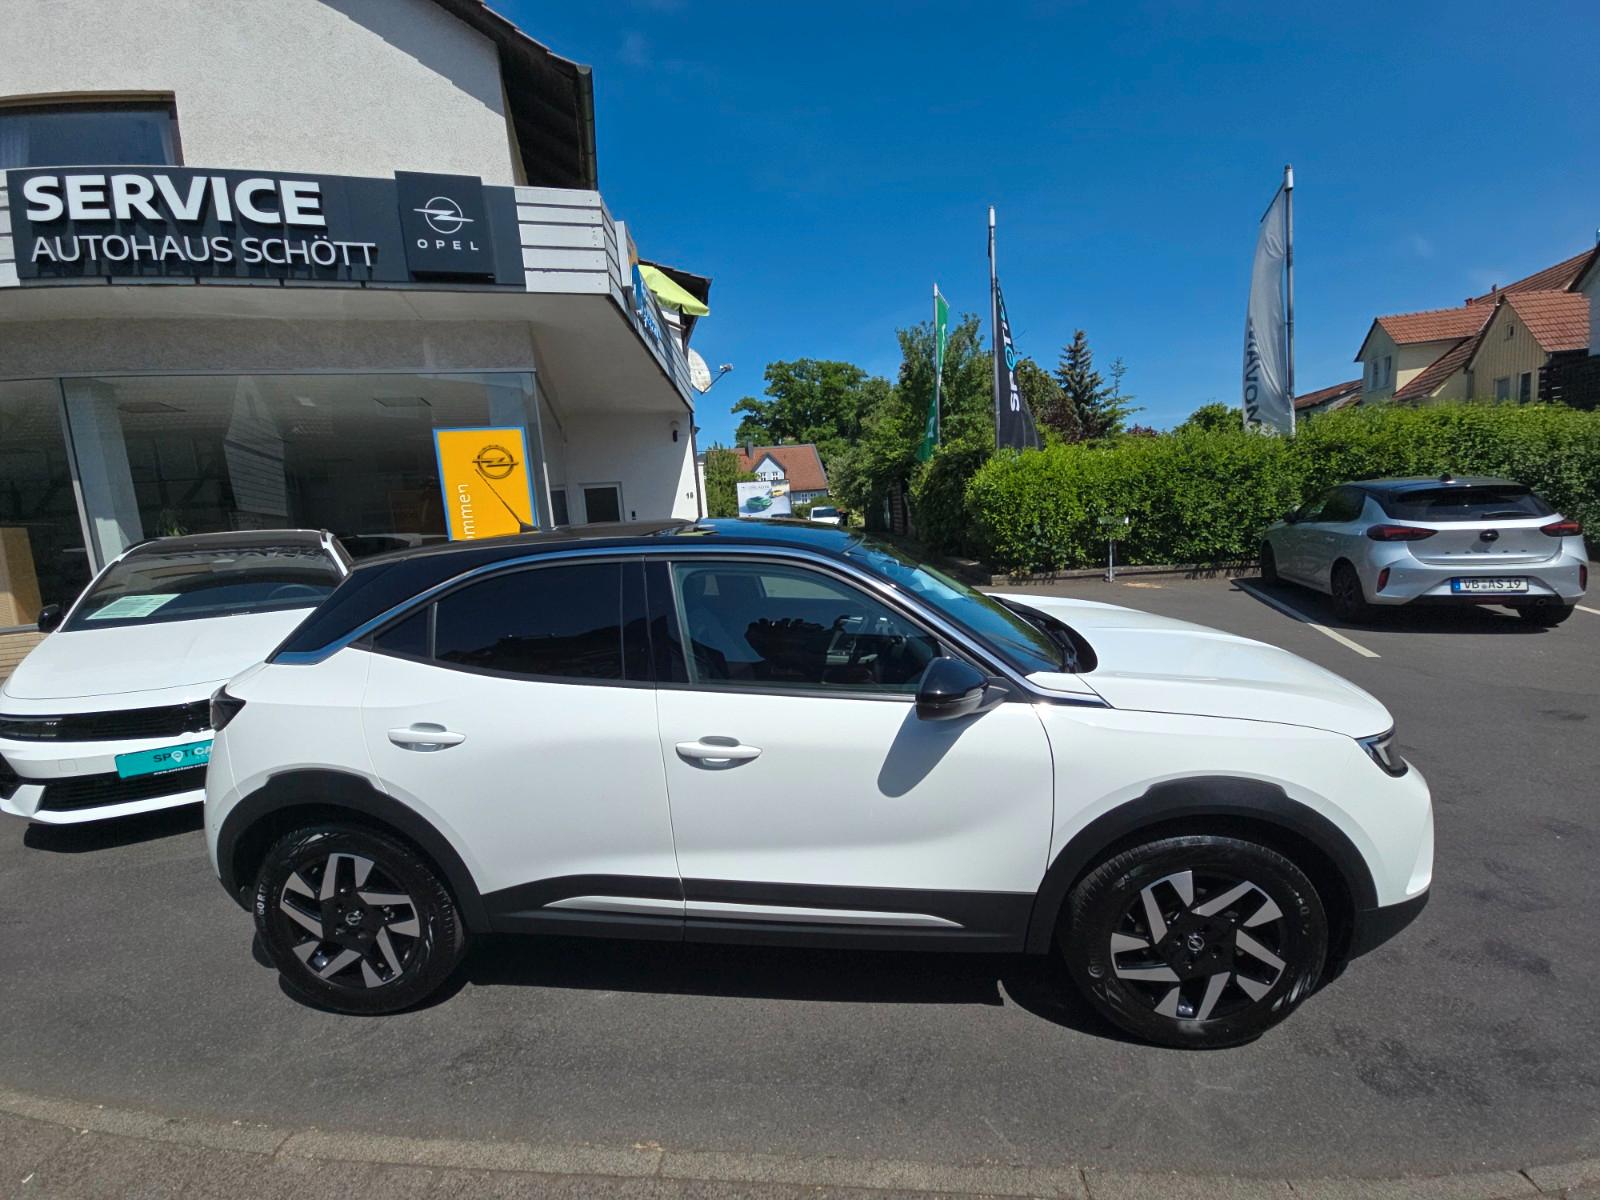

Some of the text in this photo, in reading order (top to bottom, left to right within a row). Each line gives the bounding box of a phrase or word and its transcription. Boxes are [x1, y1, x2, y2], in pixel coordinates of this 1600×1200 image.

[22, 174, 326, 226] SERVICE
[31, 233, 376, 267] AUTOHAUS SCHÖTT
[416, 238, 479, 251] OPEL
[1463, 579, 1521, 589] VB AS 19
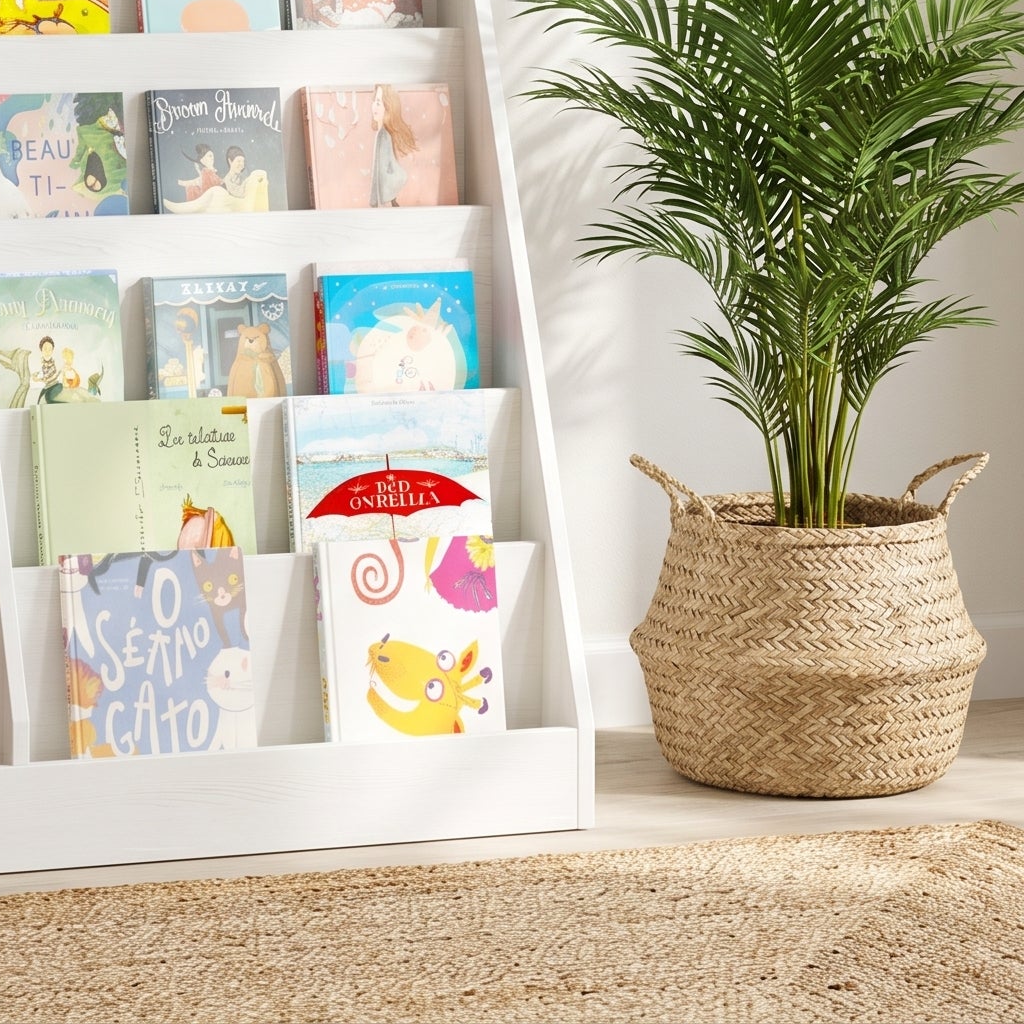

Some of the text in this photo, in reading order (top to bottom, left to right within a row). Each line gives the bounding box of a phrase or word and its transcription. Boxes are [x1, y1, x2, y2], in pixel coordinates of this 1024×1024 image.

[11, 140, 71, 161] BEAU
[29, 175, 67, 196] TI-
[152, 567, 182, 629] O
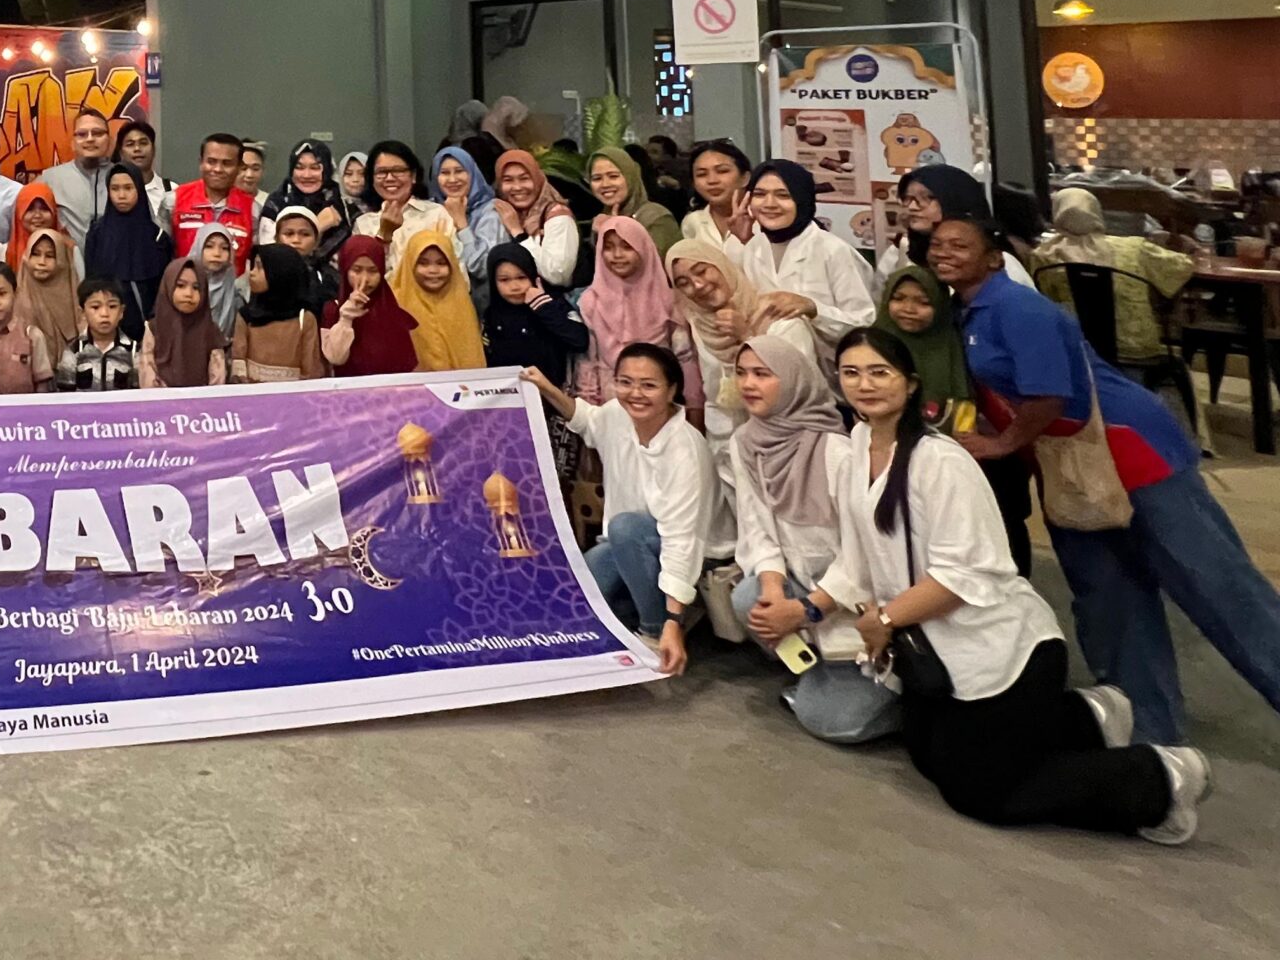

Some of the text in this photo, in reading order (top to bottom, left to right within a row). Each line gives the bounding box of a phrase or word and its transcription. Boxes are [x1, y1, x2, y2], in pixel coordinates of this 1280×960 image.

[474, 387, 519, 396] PERTAMINA
[51, 417, 167, 440] Pertamina
[170, 411, 242, 436] Peduli
[8, 450, 198, 479] Mempersembahkan
[84, 604, 139, 633] Baju
[144, 600, 237, 629] Lebaran
[243, 602, 294, 623] 2024
[301, 580, 355, 623] 3.0
[14, 645, 259, 687] Jayapura, 1 April 2024
[33, 709, 109, 730] Manusia

▶ [TO DO]
When you retype the records, keep every word exactly as written and exclude the pictures.

▶ [ANSWER FOR THE TASK]
Some of the text in this photo, in reading order (top to bottom, left to right within a row). Each line gives the bounding box of a phrase or word and its transcription. Boxes are [x1, y1, x2, y2], in pixel coordinates of this 1600×1200 image.

[22, 174, 326, 226] SERVICE
[31, 233, 376, 267] AUTOHAUS SCHÖTT
[416, 238, 479, 251] OPEL
[1463, 579, 1521, 589] VB AS 19

Some of the text in this photo, in reading order (top to bottom, left to right within a row). Each line gives the bounding box of a phrase or word and its transcription. Boxes are [x1, y1, x2, y2], in pixel coordinates of this 1024×1024 image.

[11, 140, 71, 161] BEAU
[29, 175, 67, 196] TI-
[152, 567, 182, 629] O

Some of the text in this photo, in reading order (top to bottom, left to right within a row). Each line gives the bounding box of a phrase or word and its transcription. Boxes are [x1, y1, x2, y2], in pixel coordinates of this 1280×960 image.

[474, 387, 519, 396] PERTAMINA
[51, 417, 167, 440] Pertamina
[170, 411, 242, 436] Peduli
[8, 450, 198, 479] Mempersembahkan
[84, 604, 139, 633] Baju
[144, 600, 237, 629] Lebaran
[243, 602, 294, 623] 2024
[301, 580, 355, 623] 3.0
[14, 645, 259, 687] Jayapura, 1 April 2024
[33, 709, 109, 730] Manusia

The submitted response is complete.